Donald Trump Will Run for Governor of New York if You Ask Nicely and Often

Donald Trump
At a Manhattan gala, the tycoon and reality show star was hailed as the future of the Republican Party Zach Schonfeld

For two hours on the ballroom level of Manhattan's lavish Grand Hyatt last night, Donald Trump was not a Twitter punchline or a capitalist supervillain. He was the future of the Republican Party in New York.

Or he was supposed to be, at least.

It was a call the multibillionaire magnate heeded only teasingly, emphasizing that he is the one being courted — and that he will have to be courted a little more, thank you, if state GOP officials expect to land him in the governor's seat.

"If they want me, and if they go to the convention and ask me to do it, I would do it," he promised a cluster of reporters, his gleaming, yellowing hair a forest of tiny miracles when spied up close. "And I believe I'd win."

The occasion was the The New York Republican County Committee's annual Lincoln Day Dinner, an excuse for Republican movers and shakers to gather, nibble salami and remind each other that the GOP was the party of Lincoln, which can sound a little like Greek politicians boasting that their debt-ridden nation is where men first learned to walk like gods.

No matter. It was a surreal scene in the Democratic heart of Manhattan, a colorful fête where a jovial Uncle Sam on stilts juggled past a massive blow-up elephant and U.S. Army Specialist Oscar Cruz, billed as the guy who "personally hauled Saddam Hussein out of his hole," shared the limelight with French Connection star Tony Lo Bianco. An auction -- offering items like a "Never Forget September 11th" photo signed by Rudy Giuliani and Joe Torre -- was set up to benefit Cruz's medical expenses. In the shadows by the drinks stand stood Joe Lhota, the former MTA chairman who butted heads with Bill De Blasio in the fall's mayoral election.

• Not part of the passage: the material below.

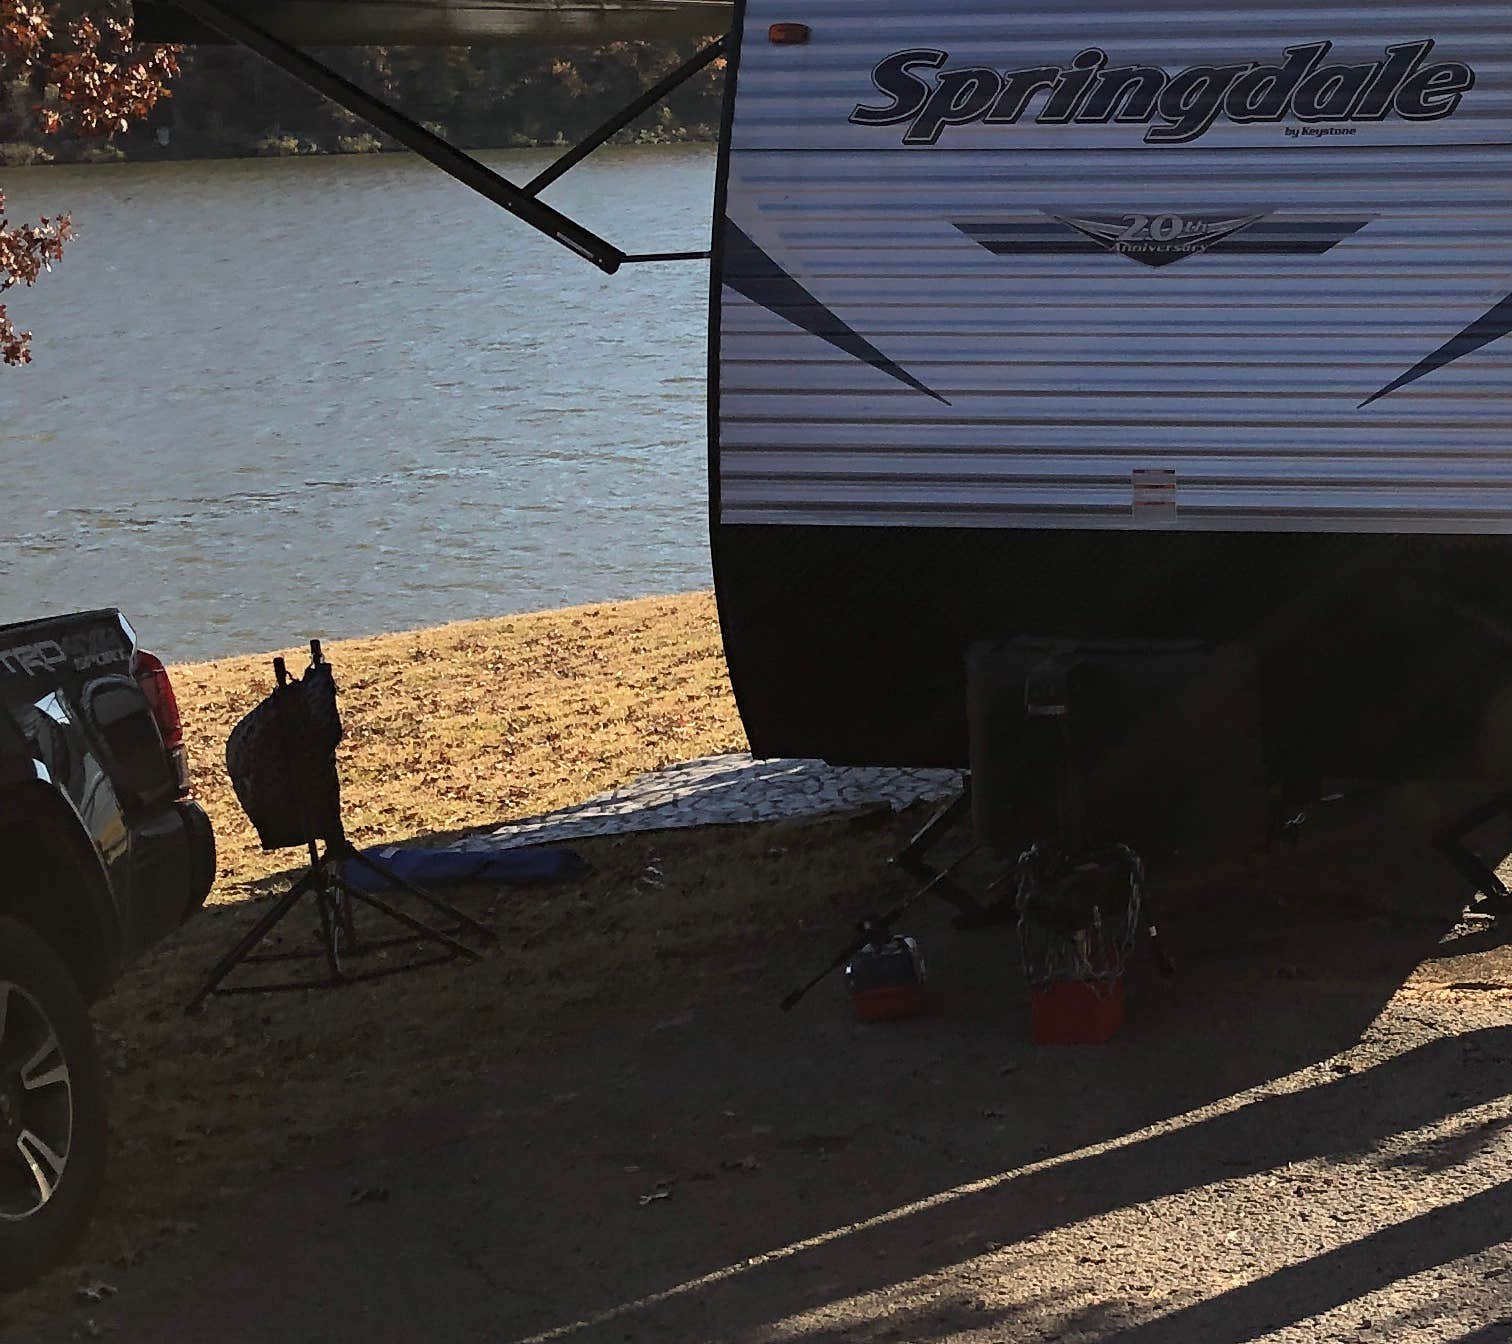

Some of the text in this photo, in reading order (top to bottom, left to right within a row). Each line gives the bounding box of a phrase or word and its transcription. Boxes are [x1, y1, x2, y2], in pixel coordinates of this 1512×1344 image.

[849, 39, 1476, 145] Springdale
[1284, 126, 1357, 137] by Keystone
[1118, 213, 1208, 242] 20th
[1110, 242, 1208, 253] Anniversary

But Trump, the keynote speaker, was the star. Whispers of will-he-won't-he filled the cocktail party, amid networking handshakes and mutters of Newt Gingrich's prospects in 2016 ("he's the smartest guy we could get behind"). When he took the stage, he spoke in front of a placard trumpeting "Trump for Governor." An introduction by Lo Bianco lauded him as "the man who may be our governor."

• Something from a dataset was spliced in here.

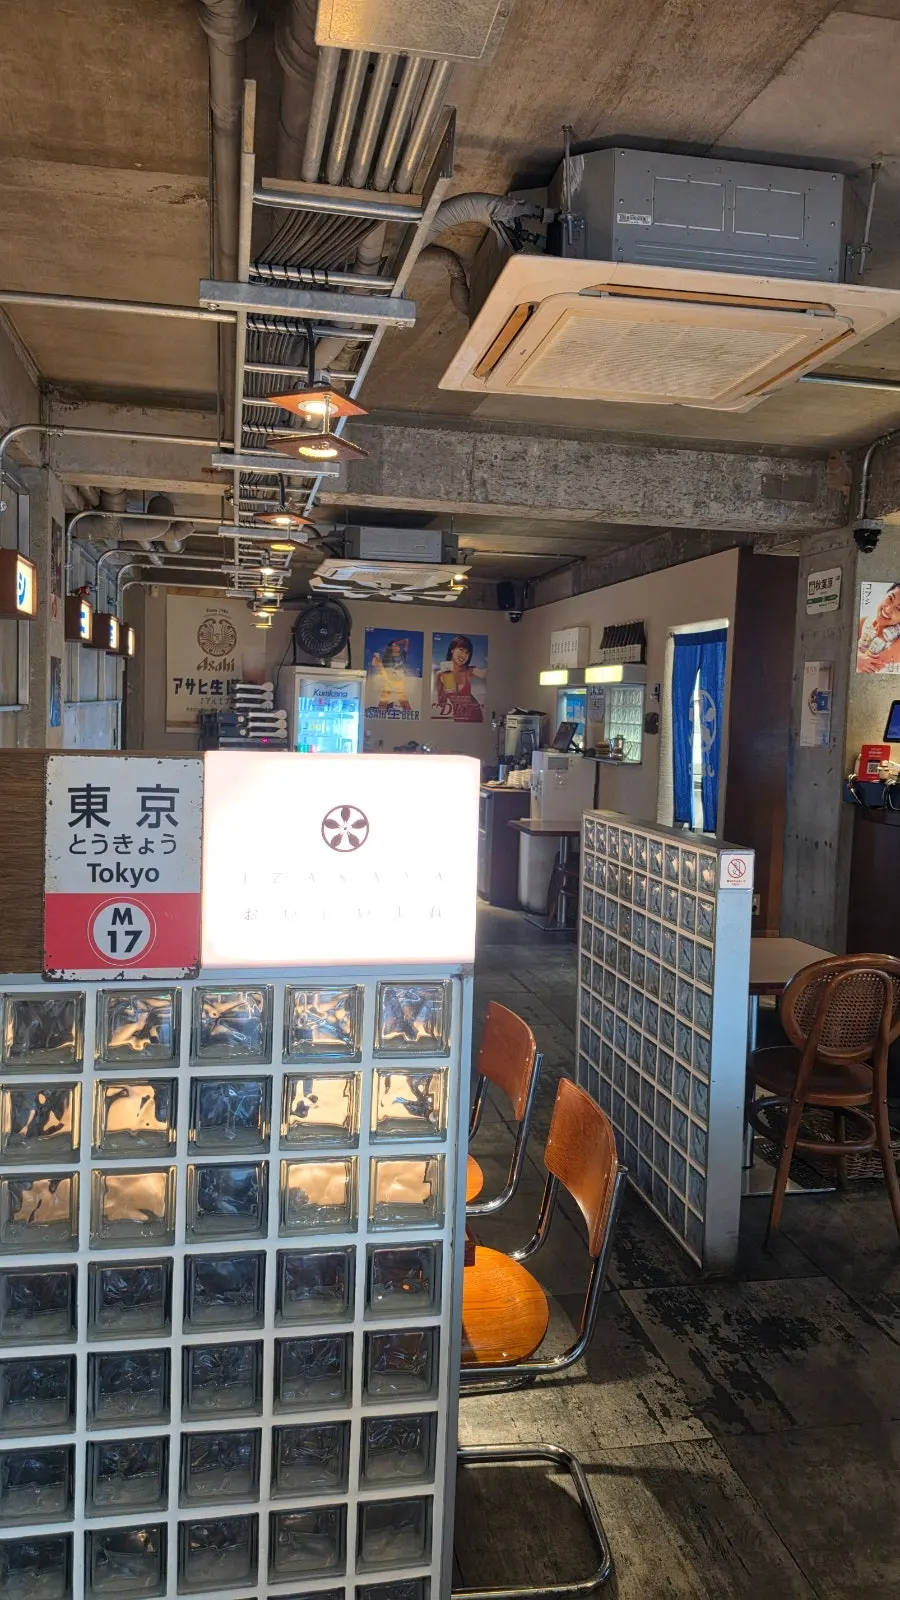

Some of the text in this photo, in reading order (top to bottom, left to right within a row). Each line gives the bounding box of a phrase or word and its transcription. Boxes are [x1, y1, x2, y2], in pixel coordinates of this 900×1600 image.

And yet The Donald wouldn't commit.

He would only commit to committing — if the circumstances were right. It was a stump speech coated in winks and hypotheticals, Trump playing hard to get as long as the nomination is easy to nab.

"If for any reason certain leaders in the Republican Party wanted to give me that opportunity, I would make New York State one of the great energy capitals of the world and I would cut everybody's taxes in half," he vowed. Scattered "Run, Donald, run!" chants echoed around the ballroom.

A Manhattan party for Republicans to recall the legacy of Lincoln. Zach Schonfeld

From there, it was a wandering, many-pointed traipse through the political mind of The Donald, a survey that suffused citywide concerns, state politics, and a national agenda into one hearty stew. Prominent New Yorkers, "people of wealth," he said, are fleeing the city in droves, decamping to Florida. ("It makes sense to do it," he conceded, if you consider the estate taxes, "but I happen to be loyal.") Obamacare is "a disaster," and, you know what, so is the Second Avenue Subway, it's "a tunnel to nowhere." Governor Cuomo is the heir of "a terrible governor — one of the worst!" — and he only lowered tolls on the Verrazano Bridge because Trump complained, and anyway they'll probably be even higher next year. Soon he'll approve fracking too, and you know why? "Because I mentioned it. Because he's gonna get his ass kicked if he doesn't."

"You can truly make New York State the Empire State again," the magnate promised toward the end of his speech. "It's scoffed at. It's laughed at."

It's familiar material for anyone who's followed Trump on Twitter — but what a difference an audience makes, in a hall where @realDonaldTrump is neither scoffed nor laughed at. He was met with cheers.

Brian Riordan, 24, an enterprising member of Young Republicans — and one of the few attendees under 40 — told Newsweek The Donald would make a fine candidate. "I think we need more people in government who have an understanding of how business works, how Wall Street works," he said.

The road from would-be candidate to candidate to New York State Executive Mansion won't be so swift. Rob Astorino, the Republican County executive, has confirmed his gubernatorial aspirations and is said to have party leaders' favor.

But Trump boasted to reporters that the Republican leadership had come knocking on his door. And he was unfazed by mention of Governor Cuomo's $33 million in campaign funds.

"Fortunately for me, that's not a lot of money," he said, brushing the sum aside like a pestering fly.